Based on the conclusions of our study as well as references to previous studies (Bowyer et al. 1998, Garel et al. 2006), we maintain our original hypothesis that an increase in growing season corresponds to an increase in moose carrying capacity. The inconclusive relationship between normal and long growing seasons was surpseasonrising, but may be due to flaws in the experimental design, which may have skewed the results of the study. However, we propose ways to improve upon the design. First, running the stimulation for only five trials for each growing season may have not been sufficient to ensure that the data is reliable; if this study were to be revised, we propose to carry out more trials and sample more carrying capacities for each season. In addition, there were no conclusive statements in the SimUText stimulation about the exact range of growing seasons, in terms of days or variances in temperature. This means that while our original hypothesis may be correct, the difference in time between the normal and long growing seasons may not have been statistically significantly different, leading to null results when comparing the two categories. For this reason, a possible future extension of this study is to determine the approximate length of the growing season as well as the temperature range in which carrying capacity is significantly impacted. Then, referencing the current and projected growing season lengths as established in the research of Wuebbles et al., we can estimate the number of years it may take for temperatures to reach this level of carrying capacity in the Great Lakes area. This has practical applications, as it is known that instability in density-independent factors can eventually lead to instability in populations living in an ecosystem (McLaren and Peter 1994). By developing an accurate model of rising temperatures and moose carrying capacities, predictions can be made about when a species may face destabilization and possible extinction due to highly variable environmental factors. Subsequently, appropriate measures can then be taken to maintain at-risk populations.

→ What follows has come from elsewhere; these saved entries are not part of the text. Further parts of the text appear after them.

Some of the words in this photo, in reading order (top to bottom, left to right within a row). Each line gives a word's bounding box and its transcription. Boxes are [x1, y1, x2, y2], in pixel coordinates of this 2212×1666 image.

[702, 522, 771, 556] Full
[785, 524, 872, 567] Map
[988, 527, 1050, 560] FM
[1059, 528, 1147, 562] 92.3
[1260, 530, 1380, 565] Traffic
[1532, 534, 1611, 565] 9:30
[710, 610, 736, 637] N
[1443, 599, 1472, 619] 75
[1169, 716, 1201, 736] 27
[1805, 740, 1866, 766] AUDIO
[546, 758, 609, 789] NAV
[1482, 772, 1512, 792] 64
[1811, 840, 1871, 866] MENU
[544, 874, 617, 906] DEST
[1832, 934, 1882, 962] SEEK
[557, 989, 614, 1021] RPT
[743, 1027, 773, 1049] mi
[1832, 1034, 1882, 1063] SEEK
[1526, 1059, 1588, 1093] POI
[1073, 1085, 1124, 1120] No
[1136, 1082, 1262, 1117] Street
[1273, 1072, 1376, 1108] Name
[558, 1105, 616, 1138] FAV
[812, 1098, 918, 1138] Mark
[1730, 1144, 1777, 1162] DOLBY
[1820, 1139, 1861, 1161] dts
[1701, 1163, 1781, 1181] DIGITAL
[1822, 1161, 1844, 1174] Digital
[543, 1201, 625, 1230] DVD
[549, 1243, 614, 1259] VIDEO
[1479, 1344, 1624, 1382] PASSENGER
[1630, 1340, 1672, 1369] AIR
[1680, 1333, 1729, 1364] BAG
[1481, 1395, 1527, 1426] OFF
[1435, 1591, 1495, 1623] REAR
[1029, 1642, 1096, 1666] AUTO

Our experiment found that the moose population carrying capacity on Isle Royale significantly increased from short to normal growing seasons, whereas carrying capacity did not change significantly from normal to long growing seasons. The results from this study shed light on how moose populations are impacted by changes in the climate. While some may take the conclusions of this study as support that increasing global temperatures is beneficial for certain species, the fact remains that ecosystems are complex networks that are dependent upon the interactions of many types of organisms, not only herbivores such as moose. Future applications of this study can help model the influence of climate on many different populations, and facilitate the prediction of populations at risk of destabilization in an ecosystem.